Entretien avec Colonel Dia Elhadj

Je suis très heureux de parler de feu Colonel Yall Abdoulaye Alassane du fait de sa stature d’Homme d’Etat et de sa forte personnalité. Nous étions très proches l’un de l’autre.
Il fait partie des officiers qui font la jonction entre la 2eet la 3e génération de l’armée mauritanienne . Il a eu un parcoursplus long pour avoir fait ses études à l’école d’enfants de troupe de Kati.
Nous nous sommes connus d’abord en tant que frères et parents. Ces relations ont évolué à partir de mon incorporation dans l’armée à partir de 1970 et par la suite nous nous sommes retrouvés dans le 2e secteur militaire de Zouérate, à sa prise de commandement de ce secteur en 1976. Elles ont atteint leur paroxysme à partir du 12-12-1984, lui Chef d’Etat Major de l’armée et moi, directeur des transmissions.
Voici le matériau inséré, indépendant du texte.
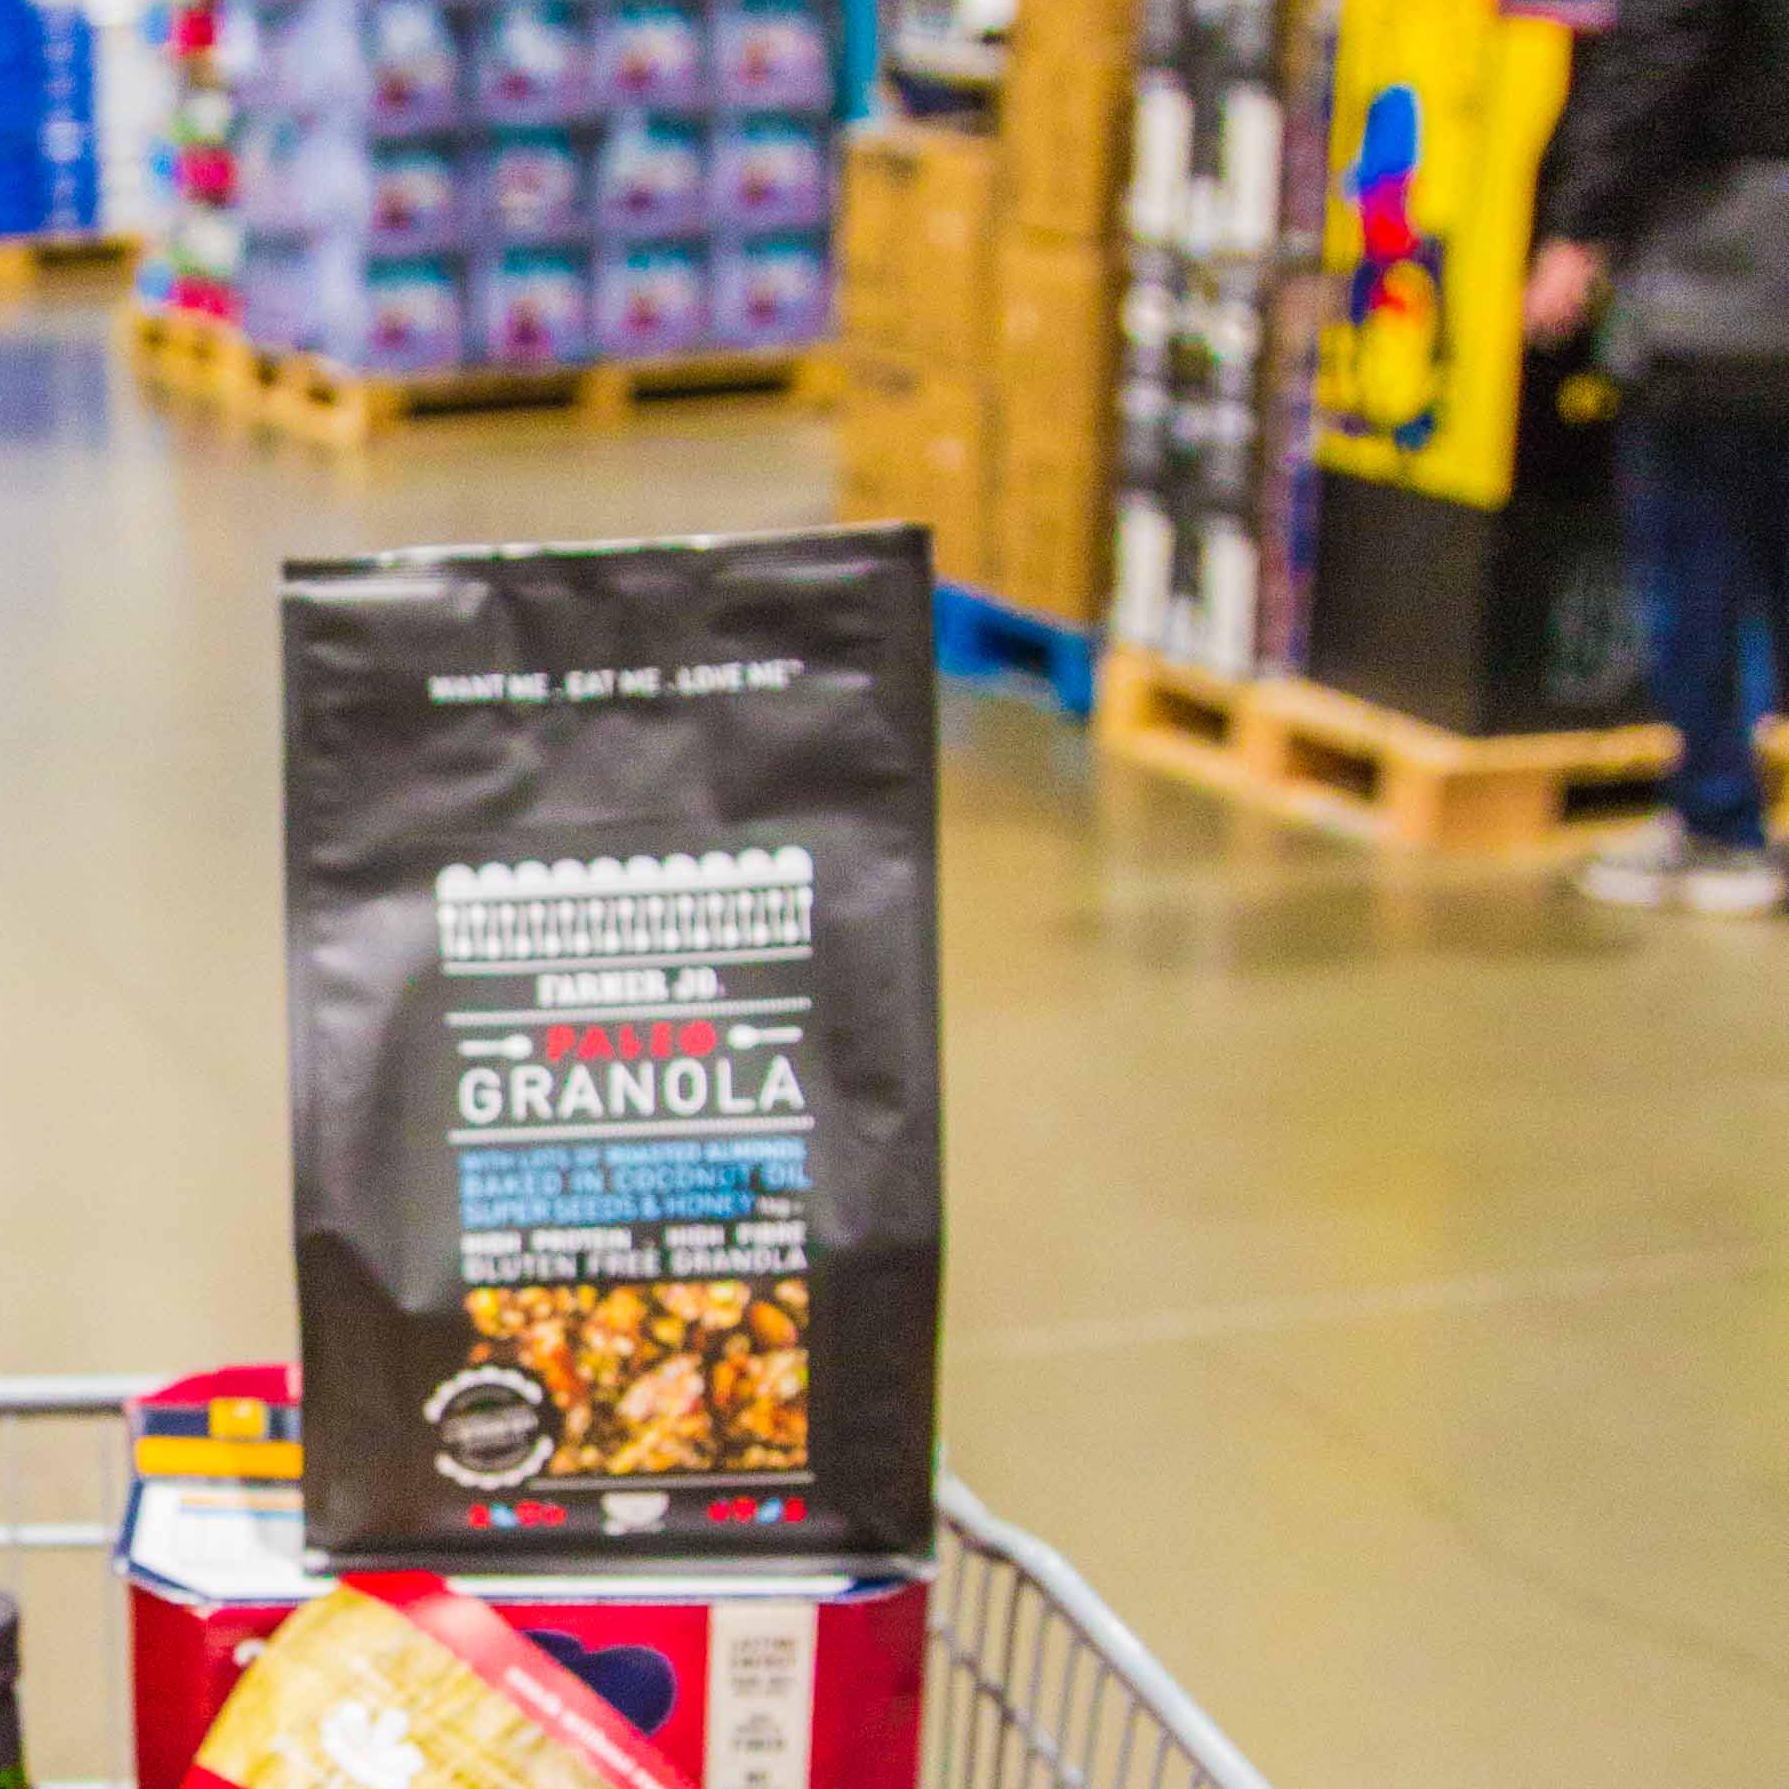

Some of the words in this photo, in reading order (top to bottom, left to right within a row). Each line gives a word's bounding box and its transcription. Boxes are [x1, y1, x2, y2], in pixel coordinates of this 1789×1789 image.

[546, 1020, 716, 1062] PALEO
[458, 1054, 806, 1125] GRANOLA
[668, 1245, 809, 1277] GRANOLA
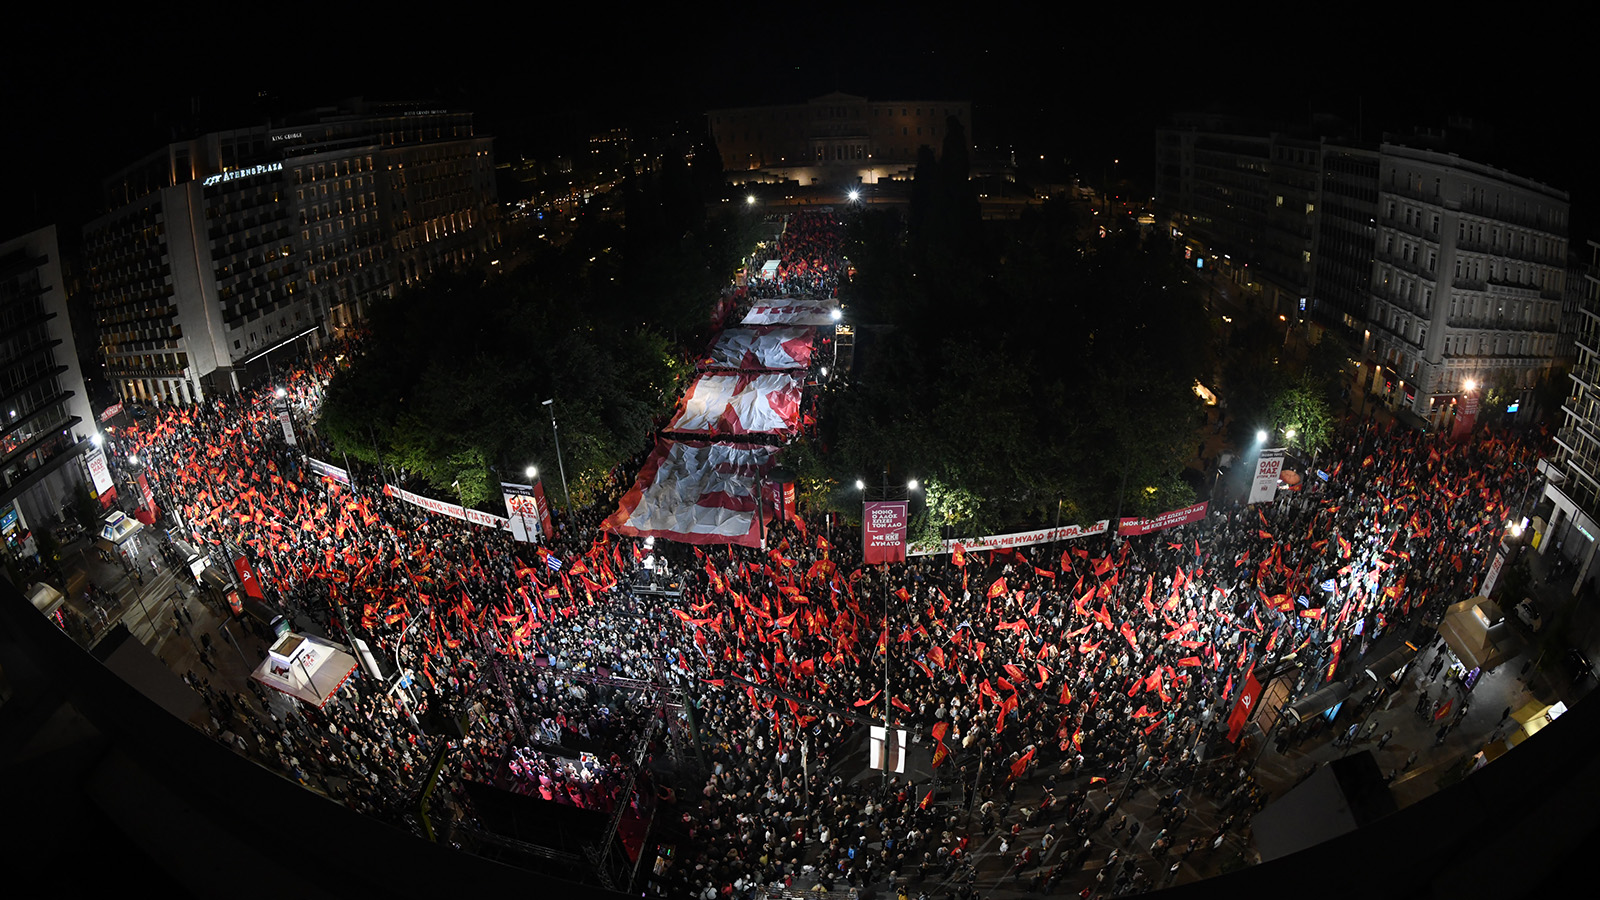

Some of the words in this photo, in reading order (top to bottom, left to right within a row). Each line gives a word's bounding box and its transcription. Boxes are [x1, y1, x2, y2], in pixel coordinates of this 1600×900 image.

[1260, 460, 1280, 468] ΟΛΟΙ
[1259, 467, 1278, 475] ΜΑΣ
[417, 497, 443, 511] ΔΥΝΑΤΟ
[467, 511, 479, 521] ΓΙΑ
[481, 514, 491, 524] ΤΟ
[1001, 537, 1014, 545] ΜΕ
[1015, 533, 1045, 544] ΜΥΑΛΟ
I. Quelques points saillants de sa vie professionnelle en tant qu’officier et militaire de carrière

– Au niveau du commandement, c’est quelqu’un qui est fait pour être chef, cela se dégageait naturellement de sa personne.
– Bien que lion dans sa nature, il savait vivre en harmonie parmi les agneaux sans en blesser un seul. Il était très humain car il mettait ses troupes à l’aise en organisant des séances récréatives dans la caserne et compatissait aux douleurs de ses collaborateurs aux moments difficiles .
– Il était sobre en paroles mais précis quand il parlait. Il s’exprimait clairement et savait adapter son discours à ses interlocuteurs, hommes de troupes comme officiers. Il était discret dans ses agissements et prises de décision. Exigeant vis-à-vis de lui-même et de ses collaborateurs, il aimait les choses bien faites et avait le souci du détail.
– Homme modeste, il respectait tout le monde et s’adaptait dans tous les milieux aussi bien dans le milieu professionnel que celui social. C’était un homme naturel sur le plan du comportement.
– Un trait dominant chez le colonelYall : il sait anticiper par sa vision prospective des choses, d’où la difficulté ou l’impossibilité à le surprendre. C’était un militaire républicain pour qui les symboles de l’Etat sont sacrés.
– Il était dans la lignée des Hommes Justes. Il avait horreur de l’injustice et des sous-entendus. Il demandait toujours à son interlocuteur d’être explicite et précis.
– Par rapport à l’armée nationale, il a toujours voulu une armée structurée et organisée à travers une bonne formation des hommes ainsi que des équipements adaptés. A titre d’exemple, il a refusé de prendre et d’utiliser des armements donnés par un pays ami pour la simple et bonne raison que cet armement n’était pas adapté au contexte mauritanien et comportait des dangers pour les hommes lors de leur manipulation dans certaines conditions.
– C’était un militaire de belle allure, droit dans sa tenue et qui forçait l’admiration dans le monde militaire. Il se distinguait spontanément dans le cercle officier du fait de ses atouts naturels (maa shaa Allah) et dans son allant militaire.
– Militaire de carrière, il a, à plusieurs reprises commis des gestes de bravoure dans les combats qu’il a menés avec ses hommes contre le Polisario lors de la guerre du Sahara, quand il dirigeait le 2e secteur de F’Dérick-Zouérate en 1976. Il fut lui-même blessé au combat lors d’une poursuite contre les assaillants sahraouis

II. Son rayonnement dans l’armée et dans le pays.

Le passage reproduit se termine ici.